What’s that got to do with mistaken identity? The song’s almost universally mistaken for a hymn. The words are by William Blake, who was intensely religious but nothing like an orthodox Christian. Among other things, he didn’t attend church and didn’t believe he needed a god to redeem him. The Creator of this World is a very Cruel Being,” he wrote in “A Vision of the Last Judgment.” 

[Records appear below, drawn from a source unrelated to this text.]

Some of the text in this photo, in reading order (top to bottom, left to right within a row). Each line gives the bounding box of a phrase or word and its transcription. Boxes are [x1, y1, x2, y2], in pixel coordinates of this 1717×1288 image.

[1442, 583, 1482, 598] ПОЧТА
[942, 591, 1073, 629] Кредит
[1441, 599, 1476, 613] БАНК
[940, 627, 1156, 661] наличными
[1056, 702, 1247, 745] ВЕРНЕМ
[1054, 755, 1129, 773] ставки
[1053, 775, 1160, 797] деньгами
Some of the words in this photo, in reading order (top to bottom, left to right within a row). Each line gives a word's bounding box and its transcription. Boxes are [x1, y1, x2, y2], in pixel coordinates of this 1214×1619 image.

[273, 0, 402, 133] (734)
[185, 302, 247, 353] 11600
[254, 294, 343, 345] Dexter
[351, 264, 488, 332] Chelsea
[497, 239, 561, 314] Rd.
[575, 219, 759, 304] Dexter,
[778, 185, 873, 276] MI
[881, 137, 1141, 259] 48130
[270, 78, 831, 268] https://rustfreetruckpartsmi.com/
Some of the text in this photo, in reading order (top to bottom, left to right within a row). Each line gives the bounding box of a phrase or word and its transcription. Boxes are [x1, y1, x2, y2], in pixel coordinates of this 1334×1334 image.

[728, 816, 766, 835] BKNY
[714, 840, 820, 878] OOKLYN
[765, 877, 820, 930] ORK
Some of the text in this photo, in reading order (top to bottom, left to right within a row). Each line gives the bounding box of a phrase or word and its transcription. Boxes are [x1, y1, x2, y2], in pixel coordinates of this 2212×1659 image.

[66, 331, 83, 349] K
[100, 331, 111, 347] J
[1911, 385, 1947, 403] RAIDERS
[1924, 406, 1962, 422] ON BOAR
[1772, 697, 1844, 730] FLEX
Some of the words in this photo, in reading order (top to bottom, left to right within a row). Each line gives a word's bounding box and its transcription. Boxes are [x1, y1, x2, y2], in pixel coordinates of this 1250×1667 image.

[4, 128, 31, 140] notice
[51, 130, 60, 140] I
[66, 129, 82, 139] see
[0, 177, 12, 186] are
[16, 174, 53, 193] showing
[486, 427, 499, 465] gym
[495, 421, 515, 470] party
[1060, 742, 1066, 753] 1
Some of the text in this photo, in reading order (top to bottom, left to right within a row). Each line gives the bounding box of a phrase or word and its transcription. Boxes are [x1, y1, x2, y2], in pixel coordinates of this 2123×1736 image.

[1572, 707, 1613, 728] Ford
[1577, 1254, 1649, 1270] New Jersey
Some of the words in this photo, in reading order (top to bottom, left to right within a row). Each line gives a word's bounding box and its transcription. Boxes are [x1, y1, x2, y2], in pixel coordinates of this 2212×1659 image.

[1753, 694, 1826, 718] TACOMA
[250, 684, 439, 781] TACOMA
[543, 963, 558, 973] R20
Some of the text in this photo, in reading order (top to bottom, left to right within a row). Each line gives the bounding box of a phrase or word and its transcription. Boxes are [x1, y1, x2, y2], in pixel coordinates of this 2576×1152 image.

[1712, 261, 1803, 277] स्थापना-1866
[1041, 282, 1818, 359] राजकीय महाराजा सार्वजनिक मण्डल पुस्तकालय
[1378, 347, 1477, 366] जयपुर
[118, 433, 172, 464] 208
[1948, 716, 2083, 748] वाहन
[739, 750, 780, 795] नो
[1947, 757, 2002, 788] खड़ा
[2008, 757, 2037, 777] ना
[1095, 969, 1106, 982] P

But let’s be fair and separate the writer from the words he wrote. Did he, in spite of himself, write a hymn? Here it is:

Jerusalem
   And did those feet in ancient time
   Walk upon England’s mountains green?
   And was the holy Lamb of God
   On England’s pleasant pastures seen?
   And did the Countenance Divine,
   Shine forth upon our clouded hills?
   And was Jerusalem builded here,
   Among these dark Satanic Mills?

   Bring me my Bow of burning gold:
   Bring me my arrows of desire:
   Bring me my Spear: O clouds unfold!
   Bring me my Chariot of fire!
   I will not cease from Mental Fight,
   Nor shall my sword sleep in my hand:
   Till we have built Jerusalem,
   In England’s green & pleasant Land.

It’s stunning, but is it a hymn? He’s asking if the countenance divine shone forth upon our clouded hills, not saying it did. He only gets into statements when he calls for building a Jerusalem, and that’s in the England of this world, not in the next. I’ll admit that using Jerusalem as a metaphor means drawing from Christian imagery, but that’s as far as I’ll go. Blake had no use for organized religion, and especially for state-sponsored religion. So inevitably his poem has been adopted as the hymn of a state-sponsored religion.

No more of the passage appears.